* _Dataset_
—————
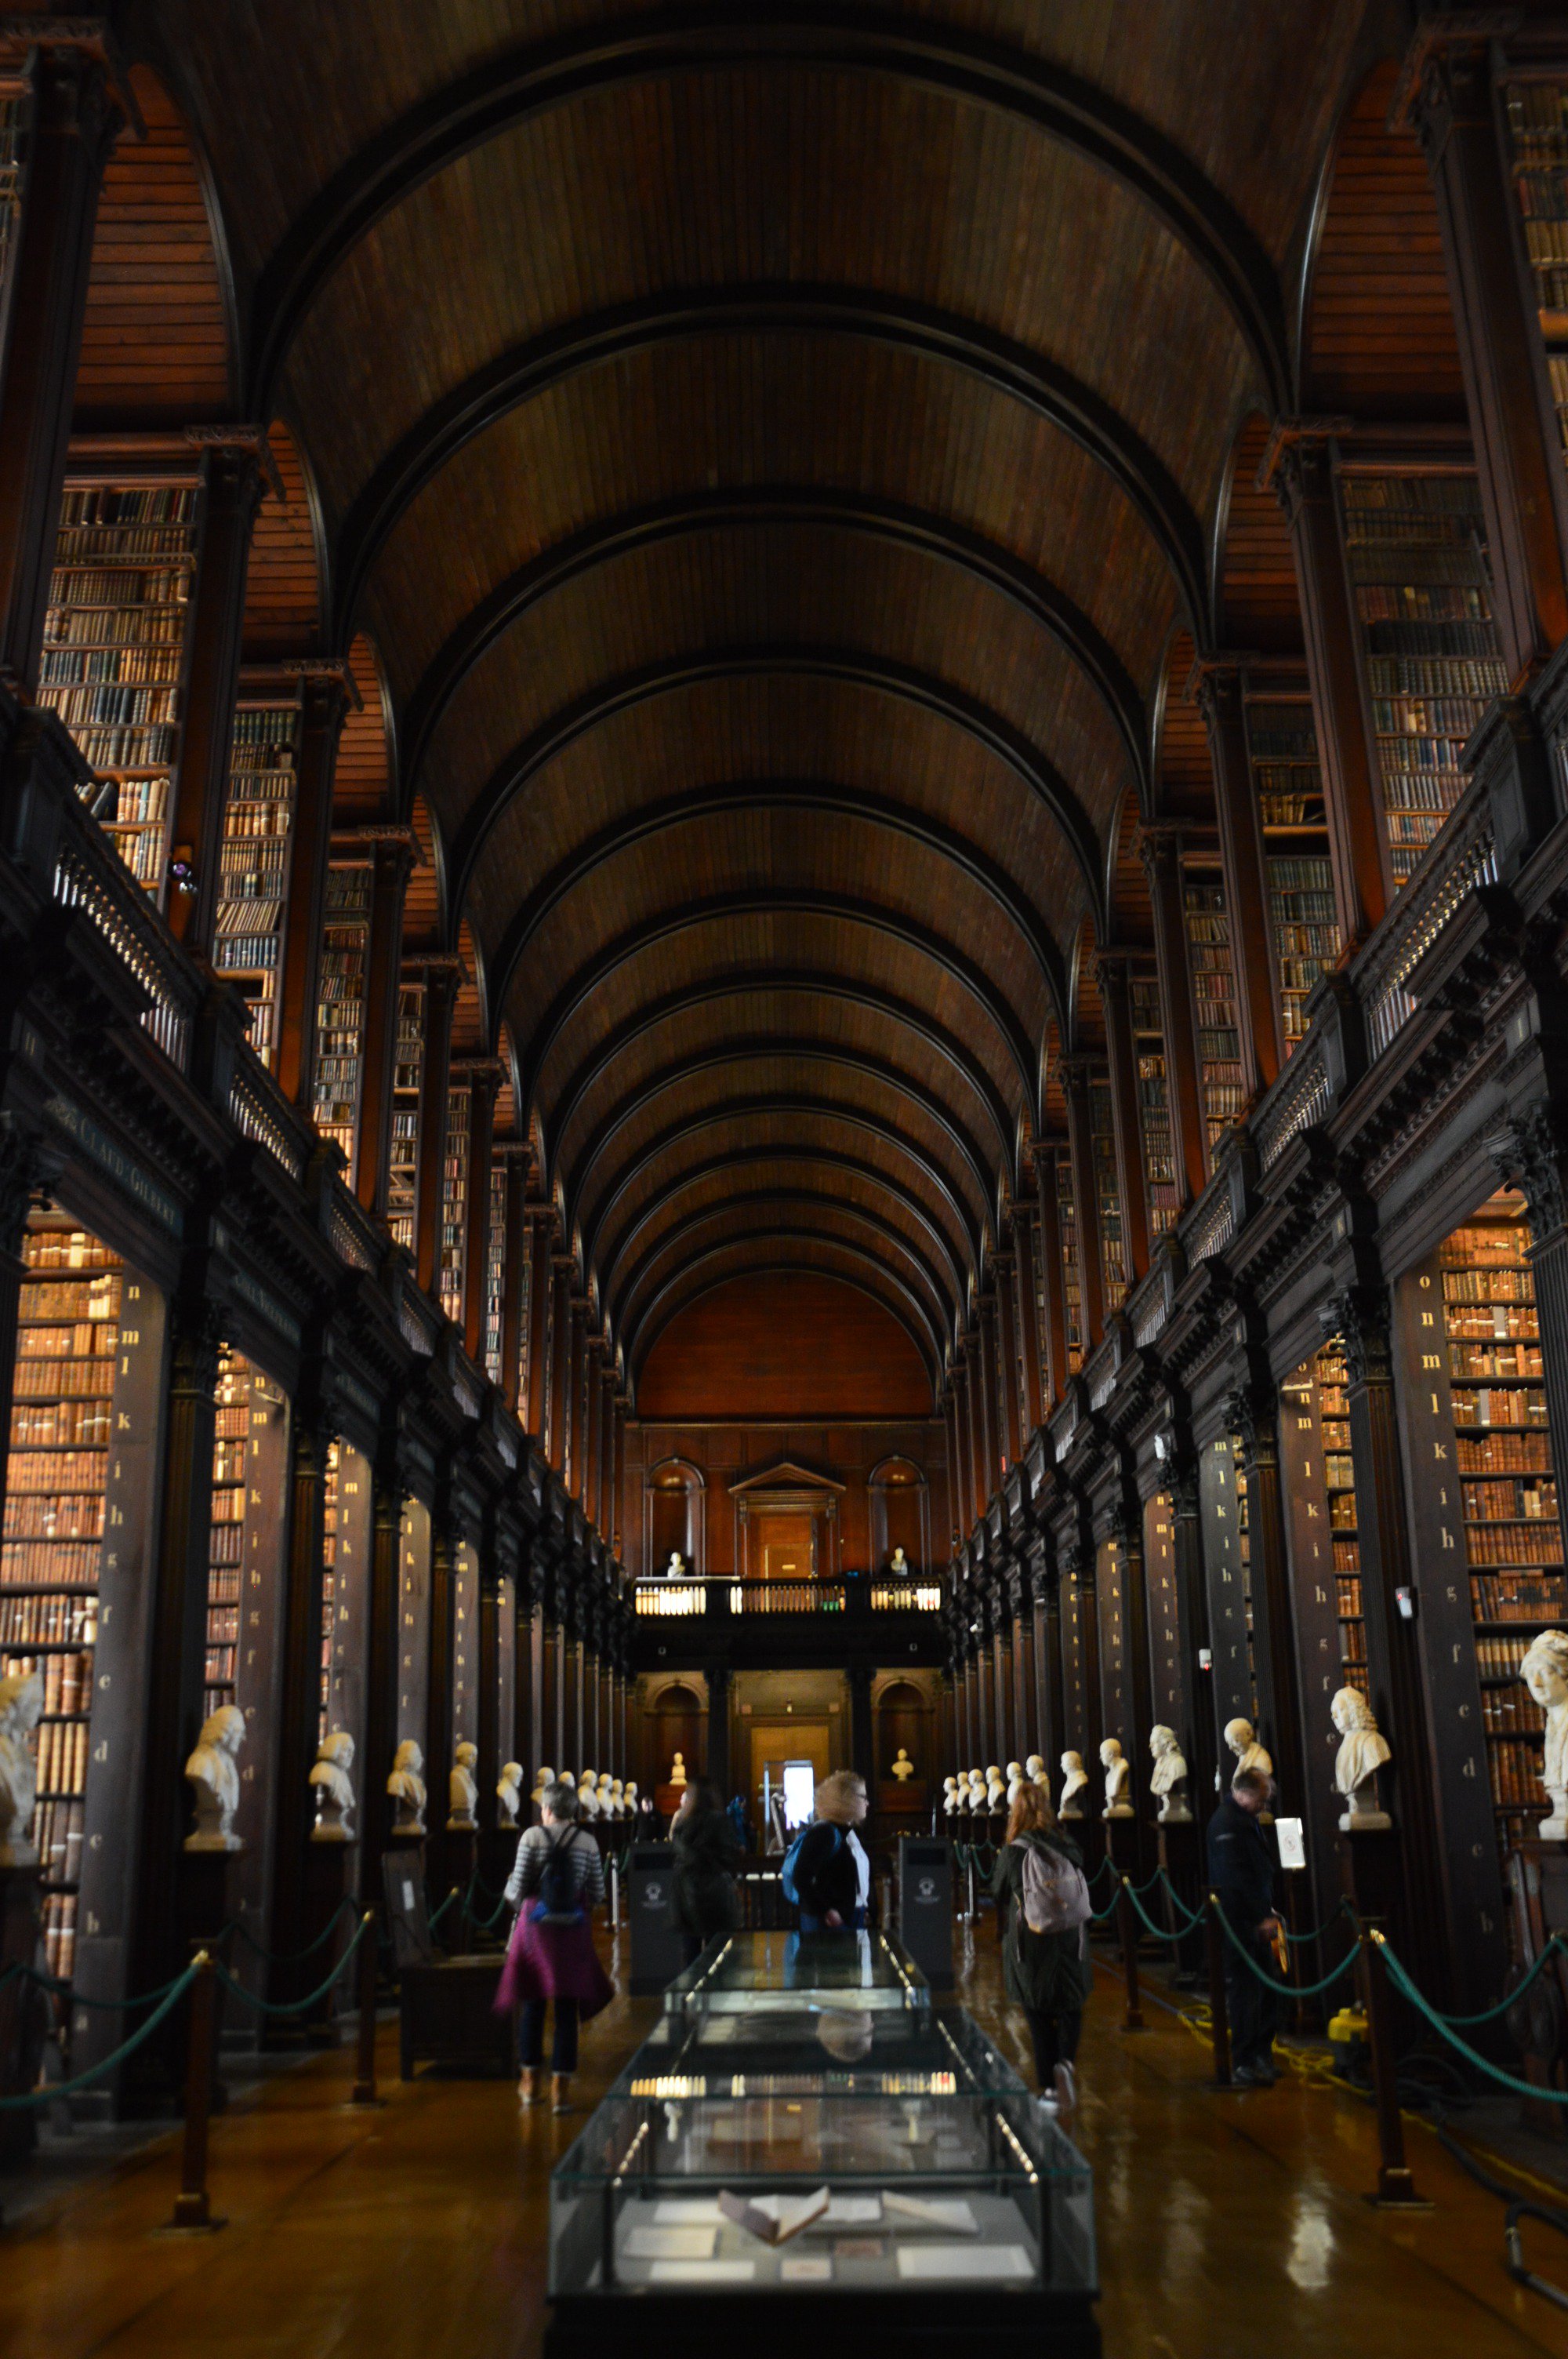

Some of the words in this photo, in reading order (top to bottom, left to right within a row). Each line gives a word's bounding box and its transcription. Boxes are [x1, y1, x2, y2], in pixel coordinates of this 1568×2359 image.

[1419, 1276, 1431, 1289] o
[128, 1285, 140, 1300] n
[1421, 1312, 1434, 1326] n
[122, 1330, 140, 1345] m
[121, 1356, 129, 1376] l
[1421, 1354, 1441, 1369] m
[255, 1376, 266, 1389] n
[1300, 1392, 1311, 1404] n
[1430, 1393, 1439, 1414] l
[118, 1412, 131, 1430] k
[252, 1412, 267, 1425] m
[1298, 1417, 1312, 1430] m
[252, 1439, 259, 1456] l
[1214, 1441, 1227, 1451] m
[1433, 1442, 1448, 1459] k
[114, 1459, 121, 1479] i
[1305, 1461, 1312, 1478] l
[1218, 1469, 1225, 1485] l
[344, 1482, 358, 1494] m
[250, 1489, 261, 1504] k
[1439, 1487, 1447, 1506] i
[110, 1504, 123, 1525] h
[1216, 1505, 1226, 1518] k
[1307, 1503, 1319, 1518] k
[1156, 1524, 1167, 1534] m
[252, 1532, 258, 1548] i
[1224, 1536, 1229, 1550] i
[1441, 1527, 1455, 1549] h
[343, 1539, 352, 1554] k
[1312, 1542, 1319, 1558] i
[107, 1553, 118, 1568] g
[1221, 1568, 1232, 1582] h
[1161, 1577, 1169, 1589] k
[1315, 1585, 1327, 1602] h
[1446, 1587, 1457, 1602] g
[102, 1605, 113, 1624] f
[1319, 1638, 1328, 1651] g
[1453, 1644, 1461, 1663] f
[98, 1674, 111, 1690] e
[1322, 1676, 1330, 1691] f
[93, 1739, 108, 1762] d
[1462, 1757, 1476, 1778] d
[86, 1910, 100, 1934] b
[1480, 1911, 1494, 1933] b
—————
* _What is required_
Where the data contains images, drop them and print the rest exactly.

* _The completed task_
Some of the words in this photo, in reading order (top to bottom, left to right within a row). Each line gives a word's bounding box and its transcription. Boxes are [x1, y1, x2, y2], in pixel coordinates of this 1568×2359 image.

[1419, 1276, 1431, 1289] o
[128, 1285, 140, 1300] n
[1421, 1312, 1434, 1326] n
[122, 1330, 140, 1345] m
[121, 1356, 129, 1376] l
[1421, 1354, 1441, 1369] m
[255, 1376, 266, 1389] n
[1300, 1392, 1311, 1404] n
[1430, 1393, 1439, 1414] l
[118, 1412, 131, 1430] k
[252, 1412, 267, 1425] m
[1298, 1417, 1312, 1430] m
[252, 1439, 259, 1456] l
[1214, 1441, 1227, 1451] m
[1433, 1442, 1448, 1459] k
[114, 1459, 121, 1479] i
[1305, 1461, 1312, 1478] l
[1218, 1469, 1225, 1485] l
[344, 1482, 358, 1494] m
[250, 1489, 261, 1504] k
[1439, 1487, 1447, 1506] i
[110, 1504, 123, 1525] h
[1216, 1505, 1226, 1518] k
[1307, 1503, 1319, 1518] k
[1156, 1524, 1167, 1534] m
[252, 1532, 258, 1548] i
[1224, 1536, 1229, 1550] i
[1441, 1527, 1455, 1549] h
[343, 1539, 352, 1554] k
[1312, 1542, 1319, 1558] i
[107, 1553, 118, 1568] g
[1221, 1568, 1232, 1582] h
[1161, 1577, 1169, 1589] k
[1315, 1585, 1327, 1602] h
[1446, 1587, 1457, 1602] g
[102, 1605, 113, 1624] f
[1319, 1638, 1328, 1651] g
[1453, 1644, 1461, 1663] f
[98, 1674, 111, 1690] e
[1322, 1676, 1330, 1691] f
[93, 1739, 108, 1762] d
[1462, 1757, 1476, 1778] d
[86, 1910, 100, 1934] b
[1480, 1911, 1494, 1933] b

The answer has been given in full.